To wrap up this page, the real secret behind the Vox Olympian I think is the fact that Kevin and Lynn are both true music lovers and exceptionally hard to please. Most folks in this racket proclaim how they adore music but by the audiophile dreck they invariably decide to play and own, one discerns limitations and lip service. In a similar vein, most are too easily satisfied. It's this low level of expectations which must be behind the vast swath of bling Munich had on display. With stickers relevant only to the nouveau riche in Russia, China and certain Arabian Emirates, most of it failed to deliver the musical magic. If one didn't know what's possible, this room was the benchmark. Further advantages included ~104dB sensitivity for low-level resolution and dynamic scaling plus buxom cone surface for the low frequencies. And seriously good Kondo electronics and cables certainly played their part too.
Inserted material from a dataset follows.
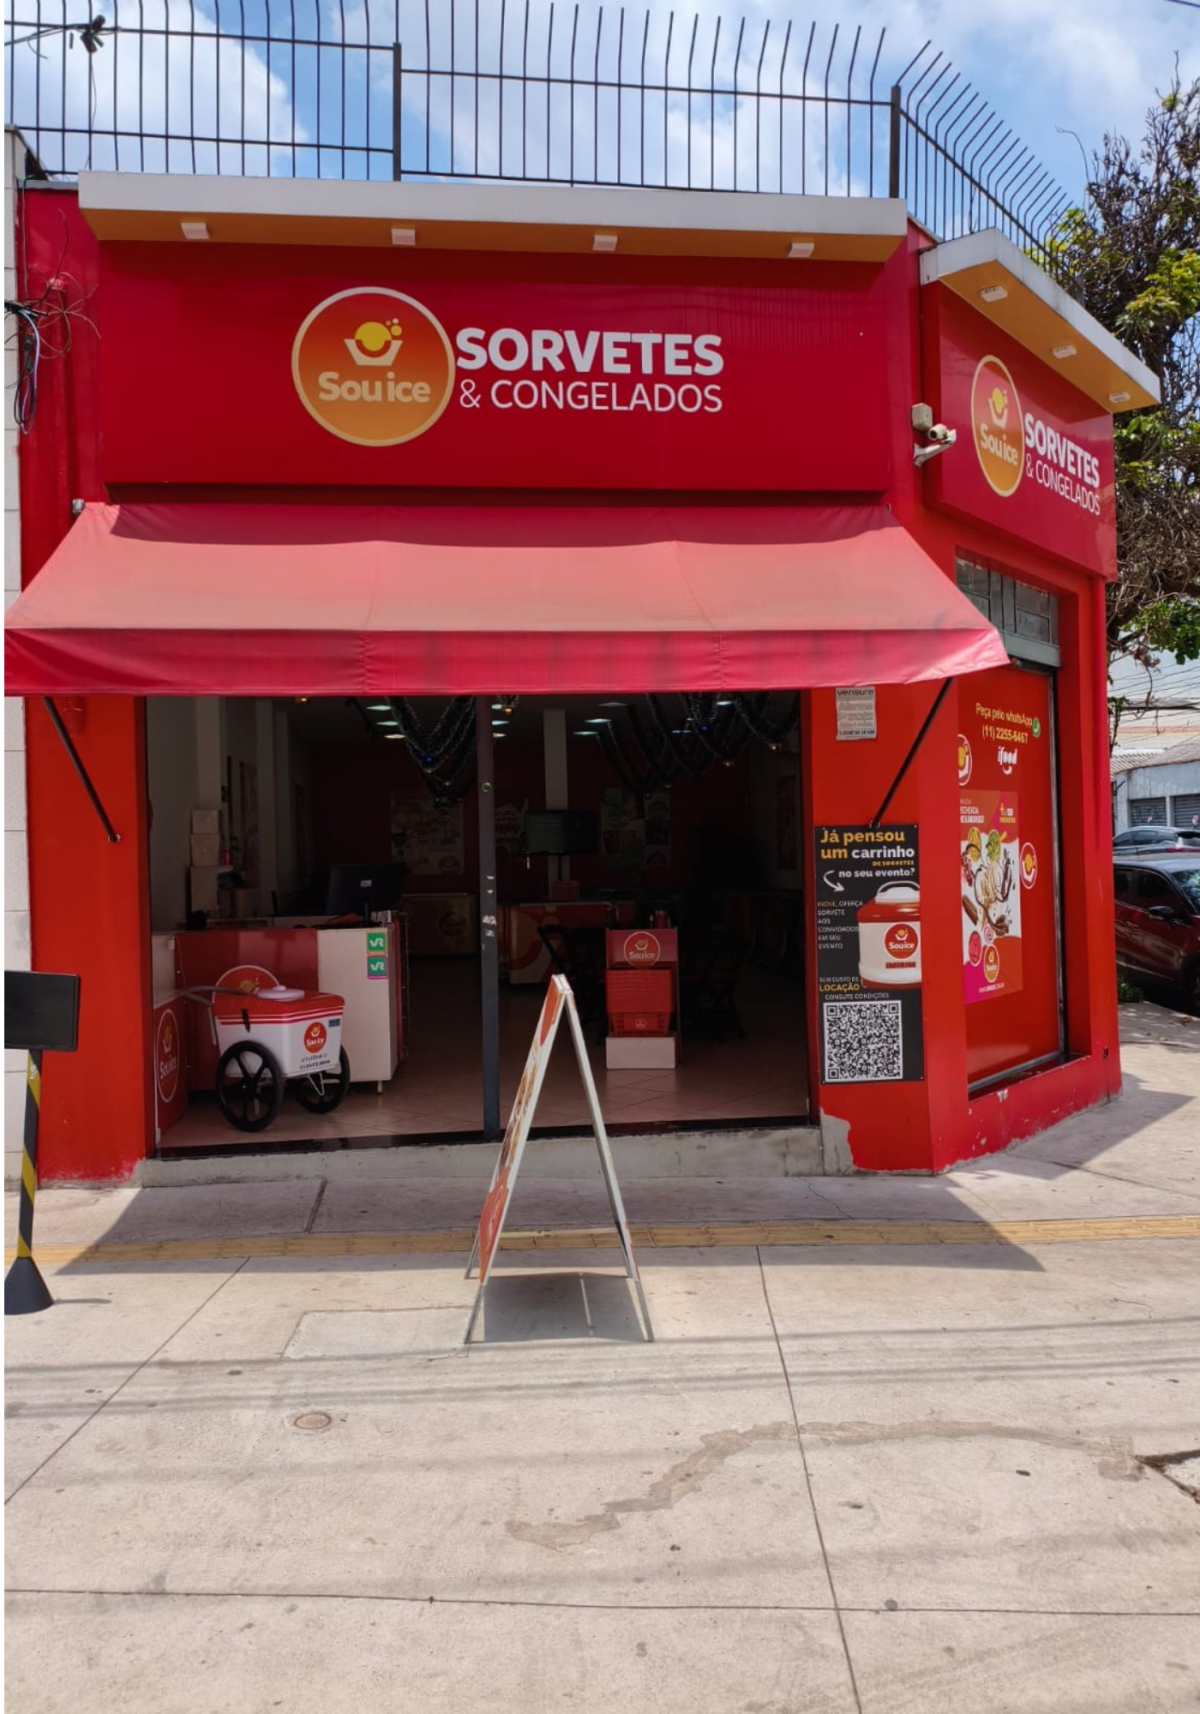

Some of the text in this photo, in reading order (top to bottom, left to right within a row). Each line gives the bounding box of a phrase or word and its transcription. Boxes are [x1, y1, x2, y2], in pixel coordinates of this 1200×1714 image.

When Kevin describes what and how he hears, he'll use words like orgasmic, opulent, dramatic, effusive, evocative and operatic. Monochromatic is the antithesis of what he pursues. These descriptions are worked into such a passionately colorful delivery that you know yourself to be in the presence of a true music affectionado. In Munich this showed in the music played—how about Indian vocal percussion?—and in the complete experience this system evoked. Sad but true, most manufacturers simply don't know how to set up and match their own gear to best effect; don't have good music to play; and sign off 'okay' well prematurely. Here Lynn and Kevin Scott are true full-service providers of a sort I've not encountered elsewhere. If you missed them in Munich, look them up in their UK facility. I guarantee it'll be memorable and hospitable!